14. Before we go to examine the correctness of these definitions, it is obvious that the concept of 'fabric' is concerned with some frame. Fabric means a thing put together. It is a frame or a structure which is woven or knitted or felted. It is made of something which can be called a material object. A material object means which can be thought about or which can be perceived as a material object. In our opinion if a thing which is put together creating a particular frame or structure by a material which is either a fibre or yarn, we fail to see how it cannot on its plain meaning of the word 'fabric' itself fall short of being included in Tariff Item No. 22. The dictionary meaning apart, the very concept of fabric is putting something together to give it a shape or frame. Then the only thing that remains to be considered is what is the root material or basic material which goes to form this fabric. In this case it is undisputed that the nylon yarn which is the basic constituent of this fibre is the basic constituent of this frame. In our opinion the Entry which says that this Man-made fibre or yarn is quite clear to show that the fishing net or product like fishing nets which are made of this yarn or man-made fibre must be included in Entry No. 22. There is no necessity to refer to any other parts of this Entry as we are not concerned with them.
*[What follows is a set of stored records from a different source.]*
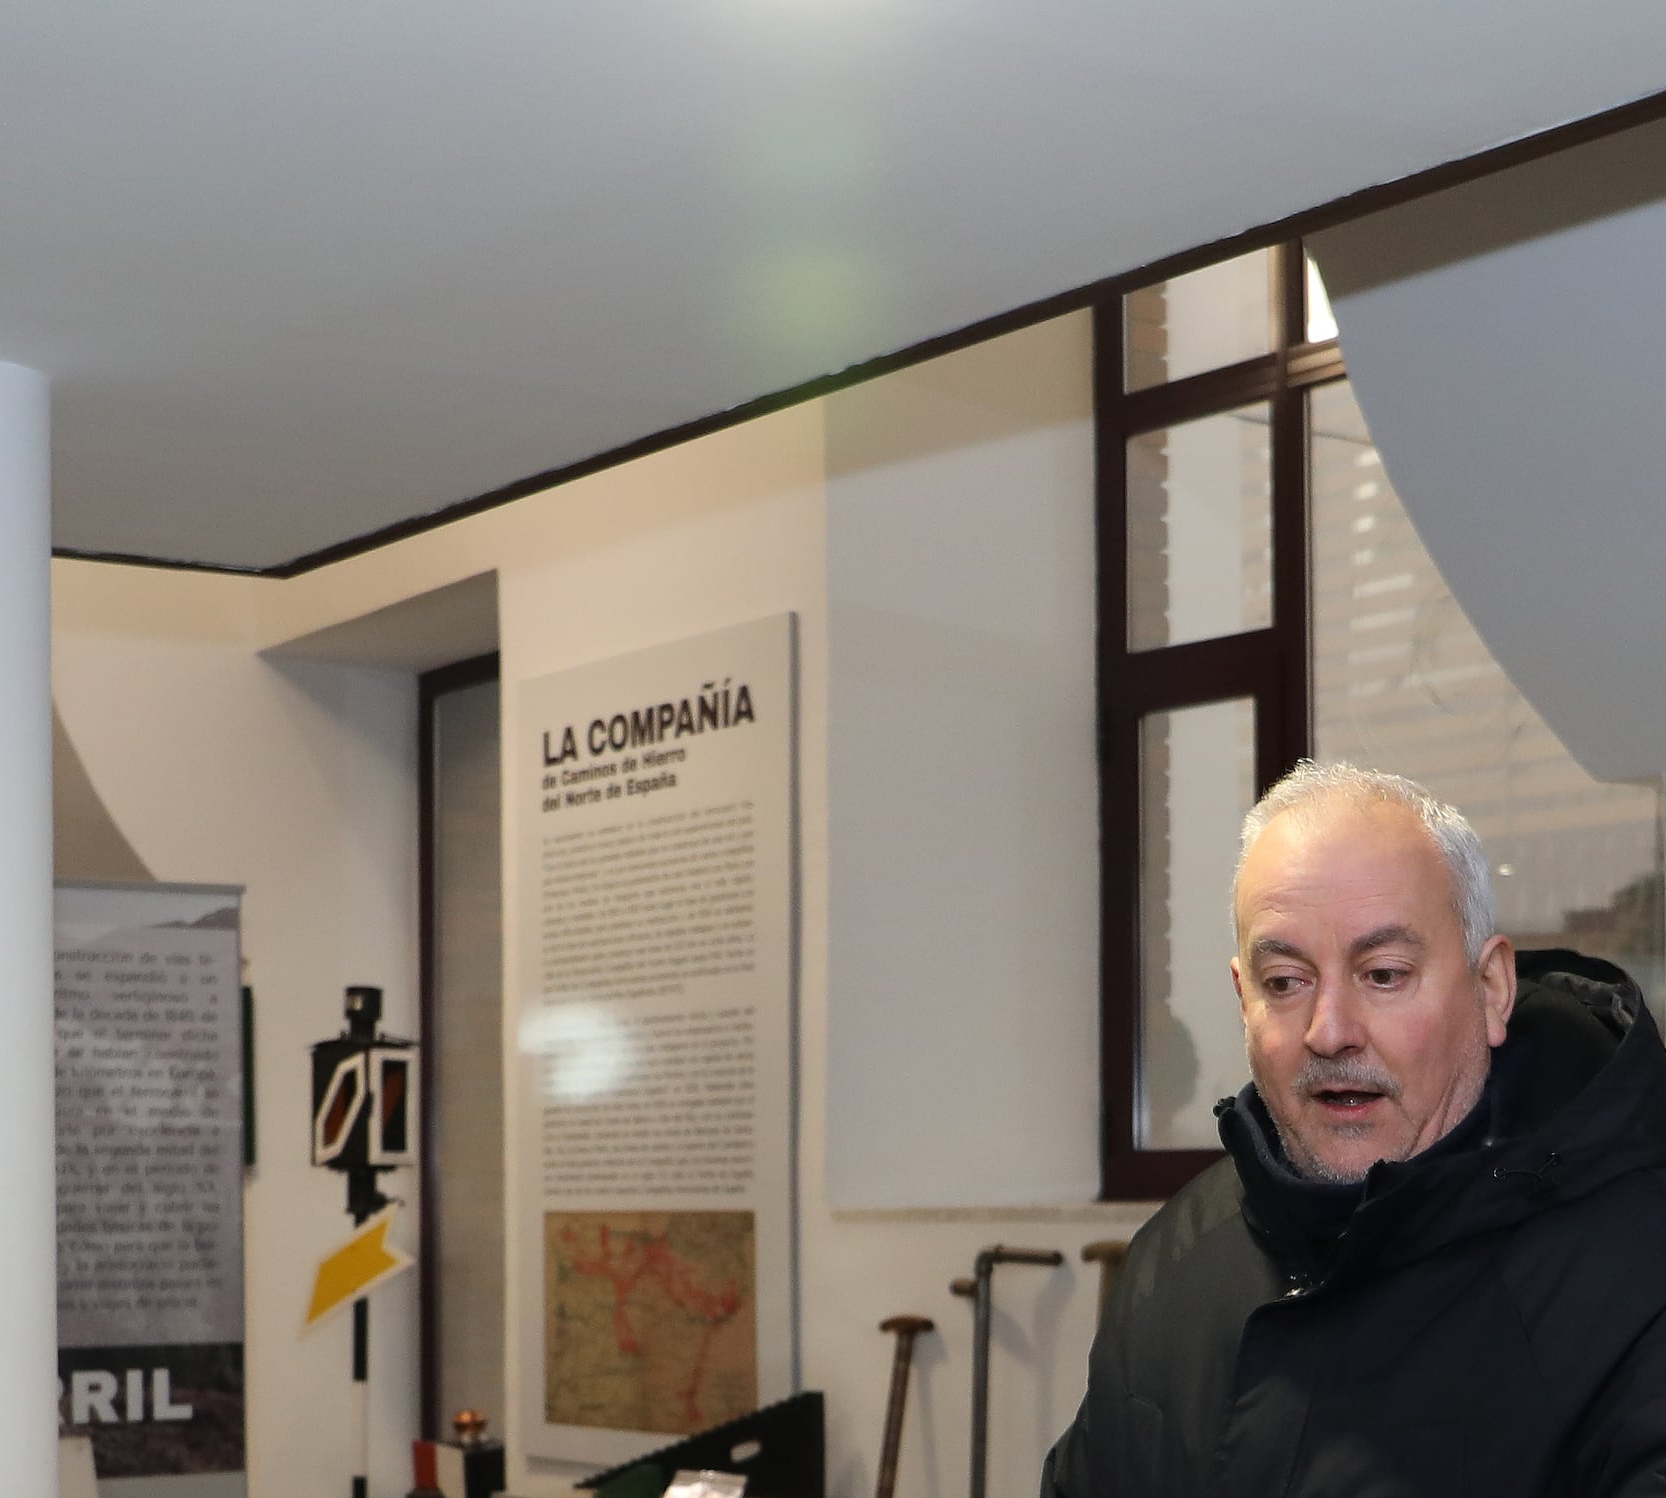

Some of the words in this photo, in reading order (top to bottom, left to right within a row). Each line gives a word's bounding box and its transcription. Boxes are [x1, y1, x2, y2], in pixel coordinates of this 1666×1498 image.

[543, 727, 578, 767] LA
[587, 677, 755, 756] COMPAÑÍA
[543, 775, 556, 790] de
[562, 763, 617, 786] Caminos
[622, 757, 637, 773] de
[643, 748, 686, 769] Hierro
[542, 796, 561, 813] del
[565, 788, 601, 808] Norte
[607, 784, 621, 800] de
[627, 772, 676, 797] España
15. The learned counsel then invited our attention to certain judgments in order to show how the meaning of fabric can be applied to this Entry. The first judgment which is relied on is Garware Nylons Ltd. v. Union of India and Ors. 1984 L IT 16 249. This judgment is of our Court and it is binding on us although the question which arose in this judgment, arose in respect of Entry No. 18 and the Court had occasion to consider the difference between twine and yarn. While interpreting that Entry, the Division Bench of this Court held that the yarn must have two characteristics. Firstly, it must be a spun strand and secondly, such strand should be primarily meant for use in weaving, knitting or rope-making. The twine yarn satisfies both the conditions in this case. The question in this case arose whether the nylon twine can be considered to be a specific type of nylon yarn. The Court further held that it is twisted or cabled yarn. In commercial parlance also nylon twine is considered as a kind of nylon yarn. Although it is a special type of yarn which is prepared, namely to make it suitable for being utilised in the manufacture of fishing nets or ropes, yet after the special process being applied to it, it retains its character as a nylon yarn and no new product emerges. In this case also the Collector had classified the goods under Entry No. 68. This case although does not deal with the concept of fabrics, certainly furnishes guidance to understand what is the difference between twine and yarn and one; it is held that the product in this case which is made by twine which also is a special type of yarn, it would not be difficult to give the ordinary meaning to the word yarn used in Tariff Item No. 22 to include the twine used by the petitioners in this case as being yarn. It is for this purpose that the learned counsel relied on this authority and while following the ratio laid down in this case, we find that the twine which is a special type of yarn is nothing but a yarn and if it is so, it is clearly included in the description of goods given at Tariff Item No. 22 saying that man-made fibres or yarn. In our opinion, accepting the ratio of this judgment, we think that merely because the petitioners are using a particular type of yarn called a twine, the special type of twine which they are using cannot be said to be a different thing and as such it can be included within the expression used in Tariff Item No. 22 saying as man-made fibres or yarn,

16. The learned Senior Counsel after having referred to the dictionary meaning, invited our attention to the impugned judgment. According to the learned counsel, the Assistant Collector who decided the matter has not considered the question at all. In the paragraph including his judgment he has observed as follows : -

'The product which is manufactured by M/s. Sainet Pvt. Ltd., Goa namely 'fishnet' and which is classified under T.I. 68 i.e. all other goods not elsewhere specified is a distinct product generally and ultimately used by the fishermen for catching fish which is manufactured out of Nylon/ Cotton twine into fishnets by knotting process. Fishnets are not generally known as fabrics in the common trade parlance and are not used as such. They are manufactured on special type of machines where no knitting or weaving process is involved. Hence the correct classification would be under T.I. 68.'

There are four infirmities which are pointed out to us in adopting this approach to the question. In fact, we would have expected the authorities concerned to have discussed the exact connotation of the term 'fabrics' as used in Tariff Item No. 22. The reasons given by the Assistant Collector that it is manufactured out of twine is certainly erroneous. As we have observed above, that the twine itself is a kind of yarn or it is a special type of yarn. It is difficult to appreciate how it cannot include the clear words used in Tariff Item No. 22 which used the words 'Man-made fibres' or 'yarn'.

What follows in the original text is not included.